--- INFORMATION Enclosed Below ---

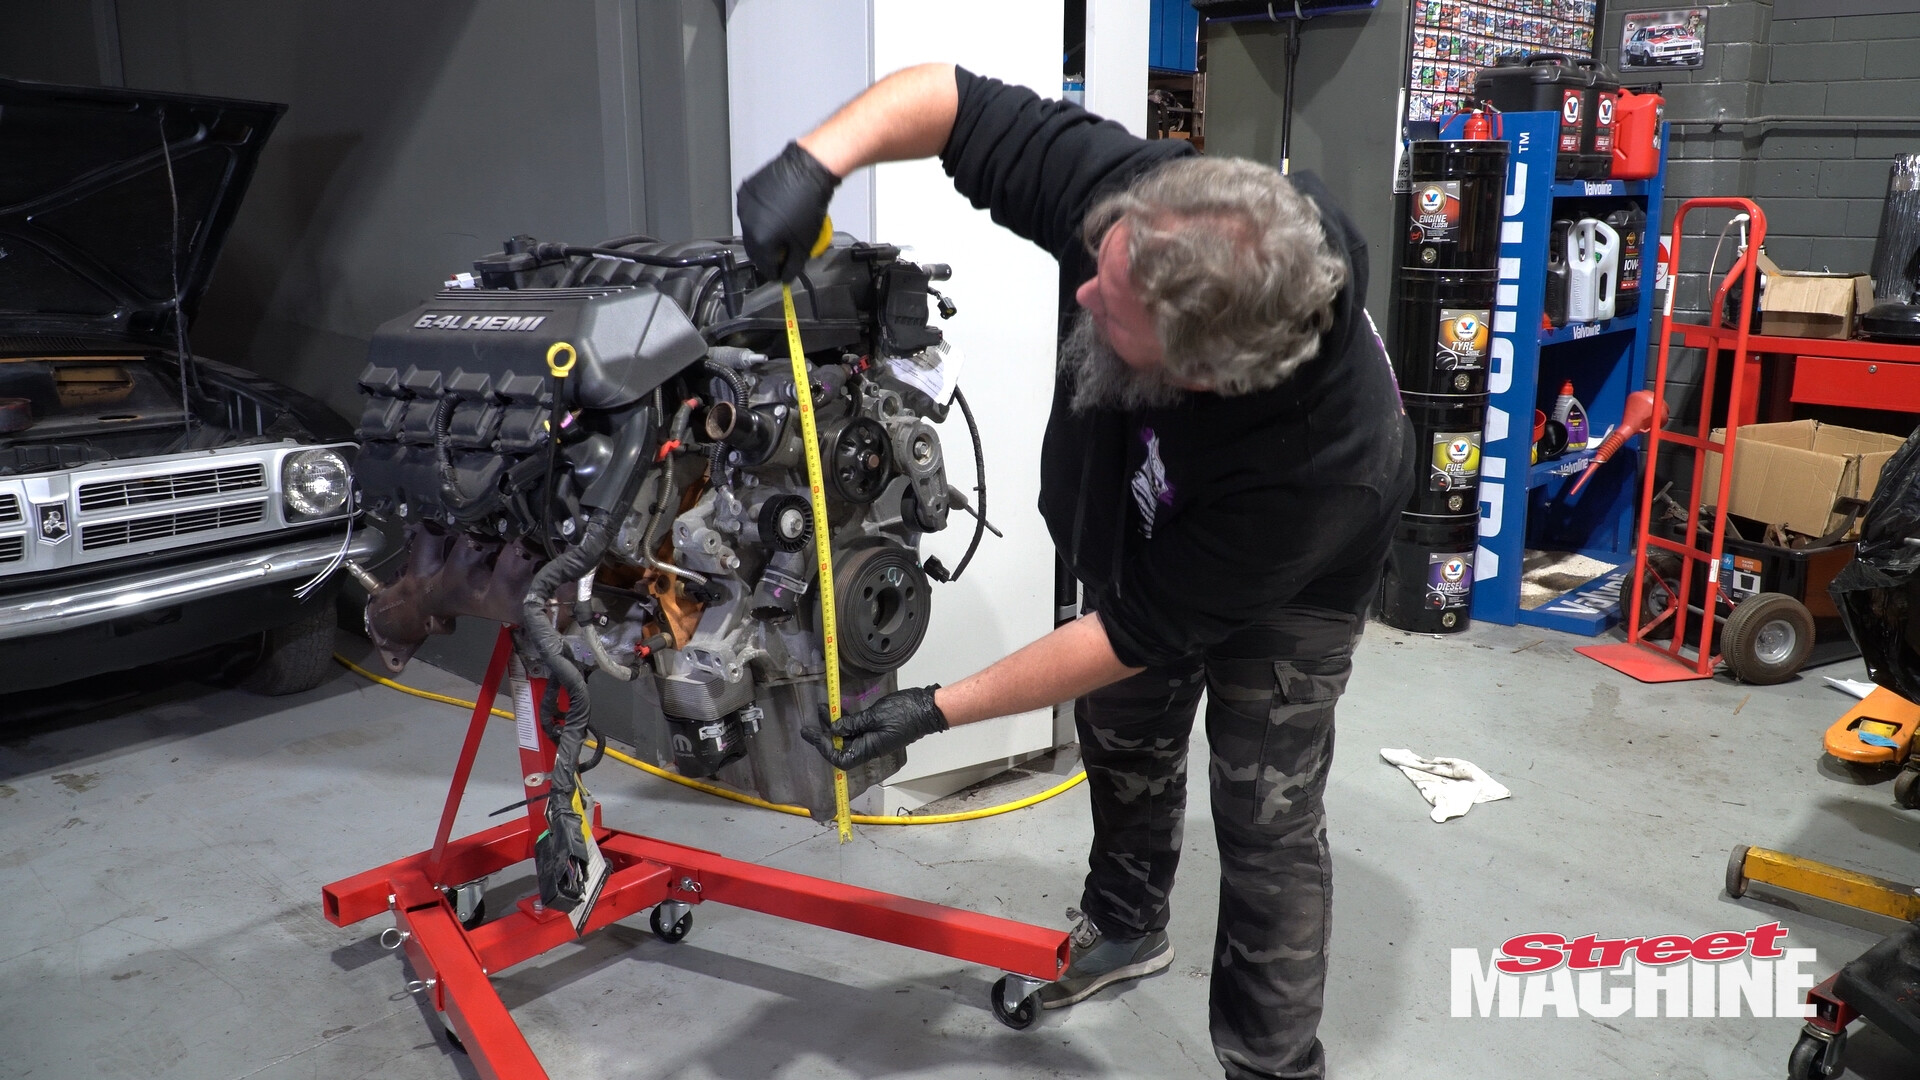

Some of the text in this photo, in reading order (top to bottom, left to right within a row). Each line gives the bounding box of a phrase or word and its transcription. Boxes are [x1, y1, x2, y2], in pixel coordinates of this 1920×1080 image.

[1584, 181, 1613, 196] Valvoline
[1419, 214, 1447, 223] ENGINE
[414, 314, 547, 332] 6.4L HEMI
[1573, 323, 1601, 340] Valvoline
[1451, 341, 1475, 351] TYRE
[1445, 463, 1465, 472] FUEL
[1560, 458, 1589, 474] Valvoline
[1436, 582, 1463, 591] DIESEL

--- End of Enclosed INFORMATION ---

**WHAT IS REQUIRED**
The result should be an exact copy of the material, containing no pictures.

**EXERCISE SOLUTION**
Some of the text in this photo, in reading order (top to bottom, left to right within a row). Each line gives the bounding box of a phrase or word and its transcription. Boxes are [x1, y1, x2, y2], in pixel coordinates of this 1920×1080 image.

[1584, 181, 1613, 196] Valvoline
[1419, 214, 1447, 223] ENGINE
[414, 314, 547, 332] 6.4L HEMI
[1573, 323, 1601, 340] Valvoline
[1451, 341, 1475, 351] TYRE
[1445, 463, 1465, 472] FUEL
[1560, 458, 1589, 474] Valvoline
[1436, 582, 1463, 591] DIESEL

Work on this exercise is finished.